The effects of nonglycated
bovine serum albumin (BSA) and advanced glycosylation end products of
BSA (AGE-BSA) on vascular responses of control and
metabolic syndrome (MS) rats characterized by
hypertriglyceridemia,
hypertension,
hyperinsulinemia, and
insulin resistance were studied.
Albumin and in vitro prepared
AGE-BSA have vascular effects; however, recent studies indicate that some effects of in vitro prepared AGEs are due to the conditions in which they were generated. We produced AGEs by incubating
glucose with BSA for 60 days under sterile conditions in darkness and at 37 degrees C. To develop MS rats, male Wistar animals were given 30%
sucrose in
drinking water since weanling. Six month old animals were used.

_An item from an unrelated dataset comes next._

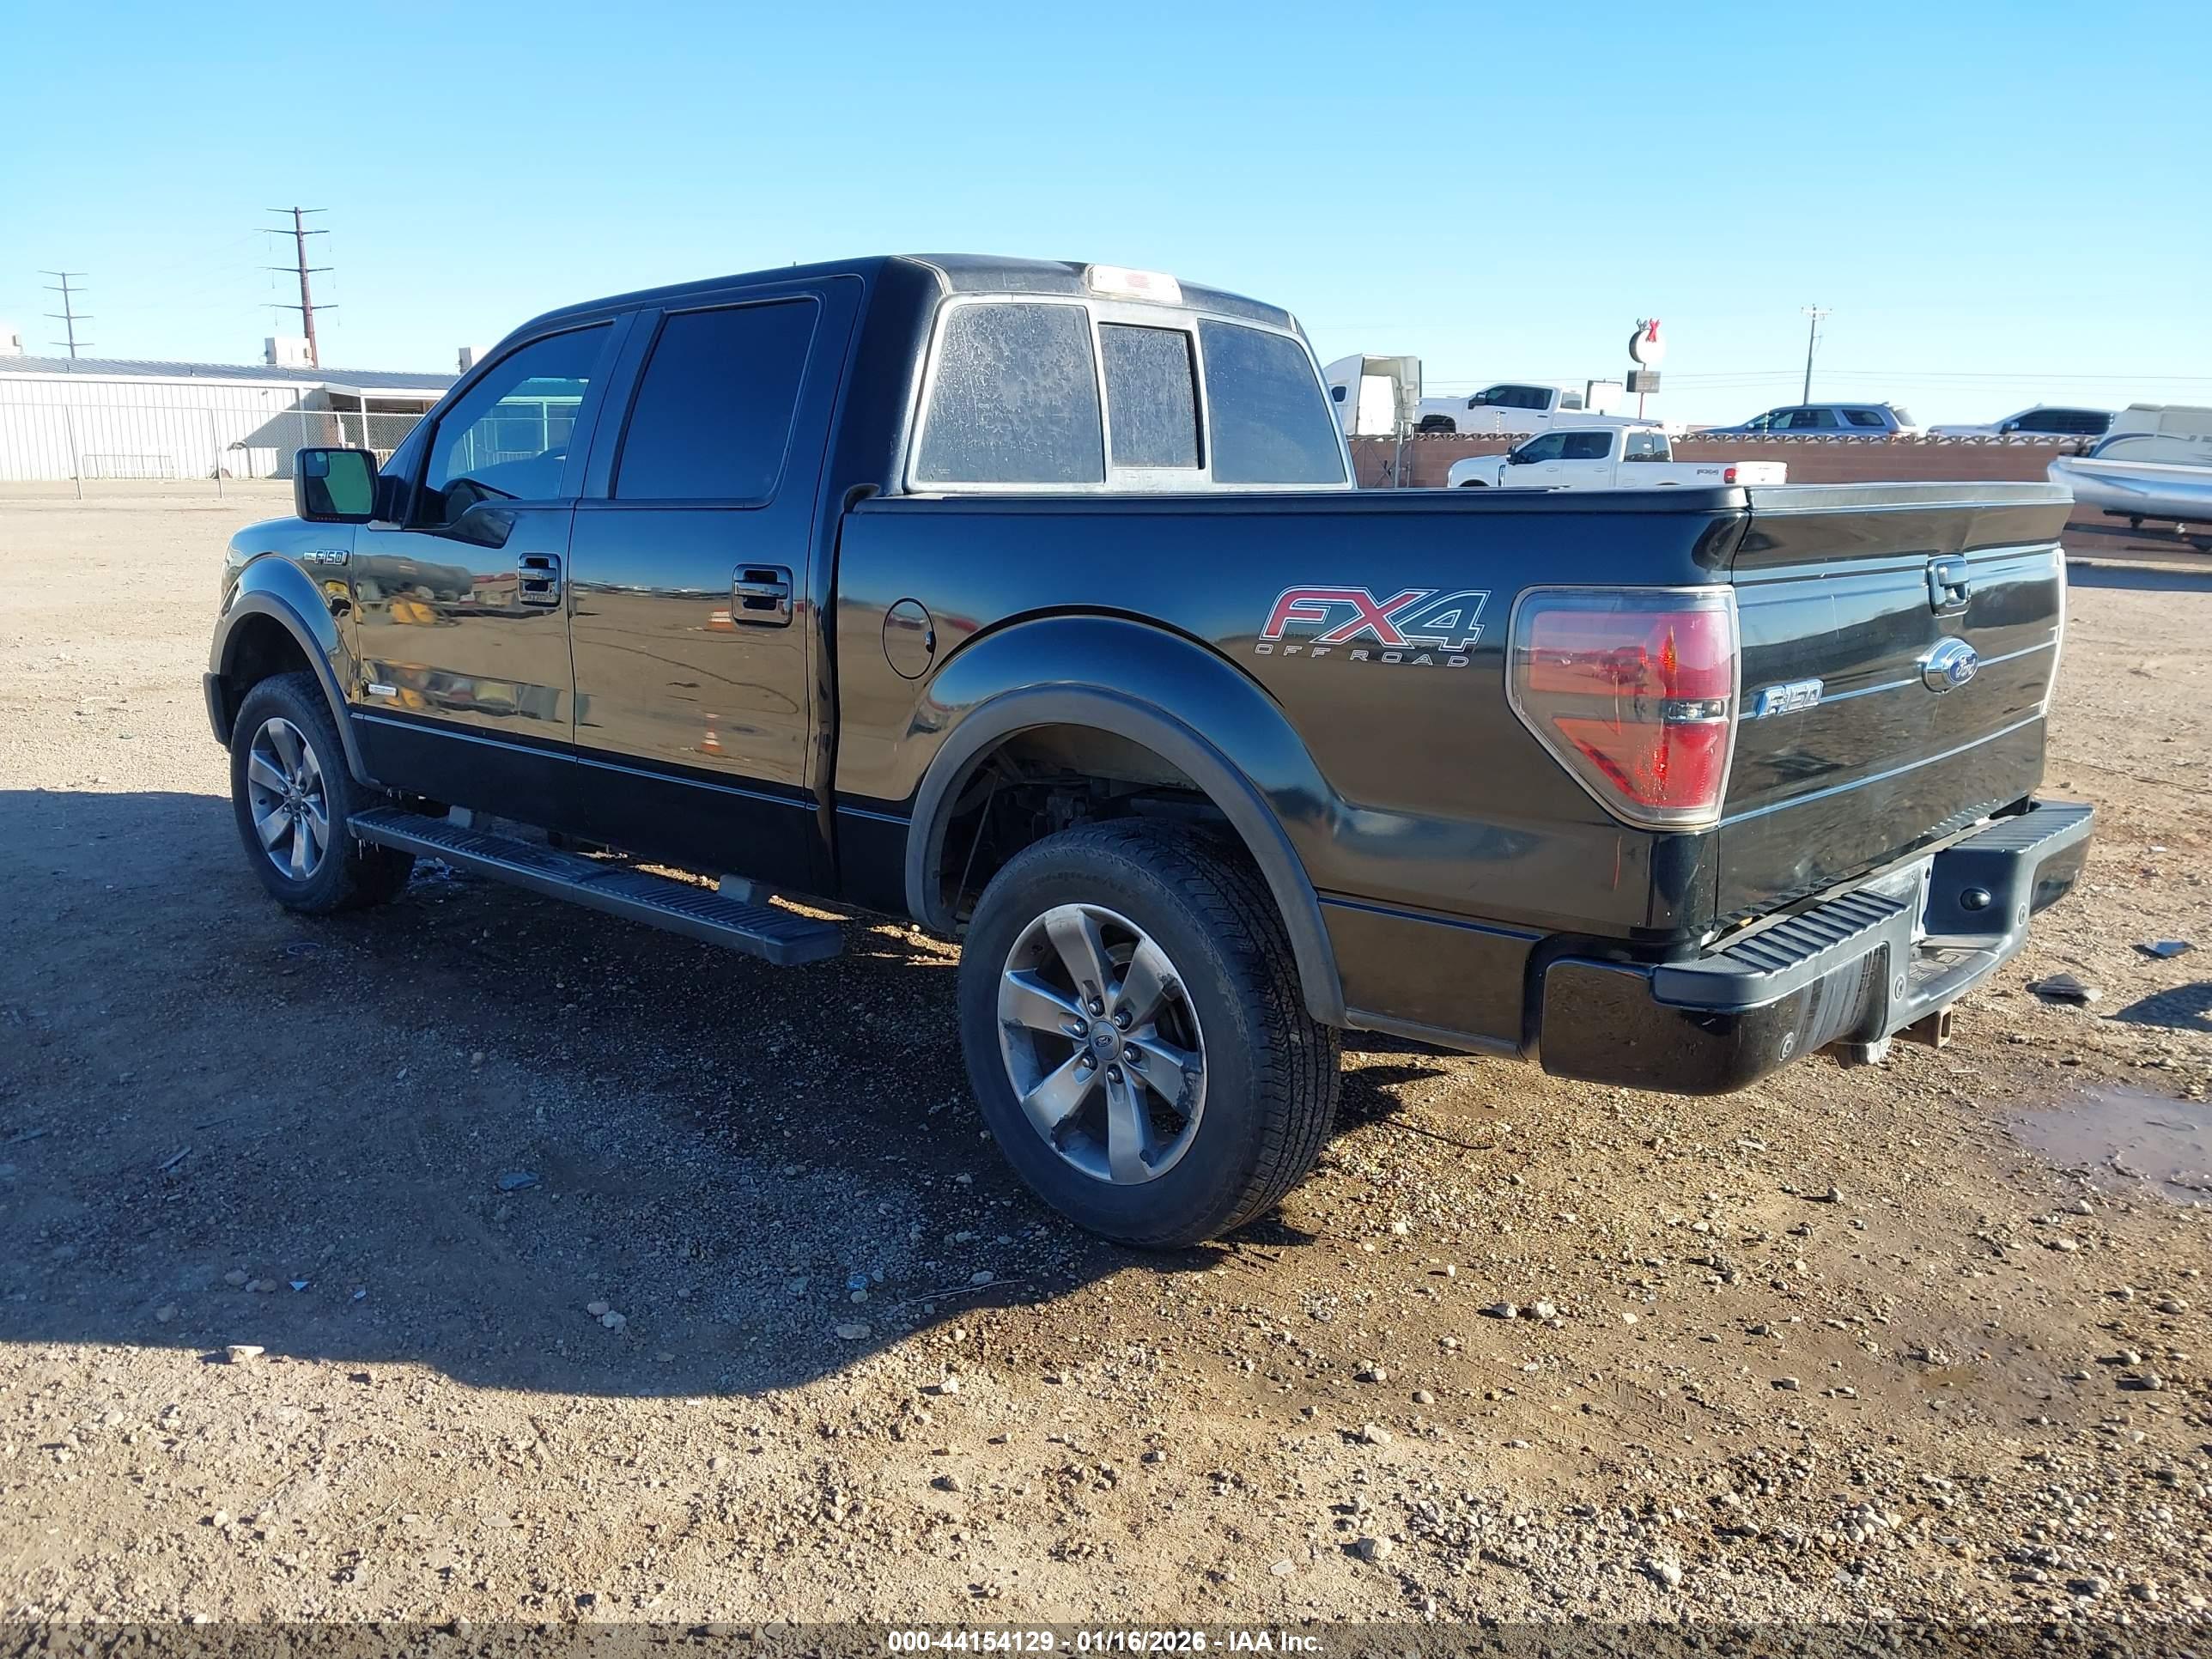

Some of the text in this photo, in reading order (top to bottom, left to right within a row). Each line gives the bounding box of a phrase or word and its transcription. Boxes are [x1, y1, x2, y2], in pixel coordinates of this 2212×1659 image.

[1259, 585, 1492, 653] FX4
[1254, 644, 1470, 667] OFF ROAD

Blood pressure,
insulin,
triglycerides, and
serum albumin were increased in MS rats. Contraction of aortic rings elicited with
norepinephrine was stronger. There were no effects of nonglycated BSA or
AGE-BSA on contractions in control or MS rats; however, both groups responded to
L-NAME, an inhibitor of
nitric oxide synthesis. Arterial relaxation induced using
acetylcholine was smaller in MS rats. Nonglycated BSA and
AGE-BSA significantly diminished relaxation in a 35% in the control group but the decrease was similar when using nonglycated BSA and
AGE-BSA. This decrease was not present in the MS rats and was not due to increased RAGEs or altered biochemical characteristics of BSA. In conclusion, both BSA and
AGE-BSA inhibit vascular relaxation in control artic rings. In MS rats the effect is lost possibly due to alterations in endothelial cells that are a consequence of the illness.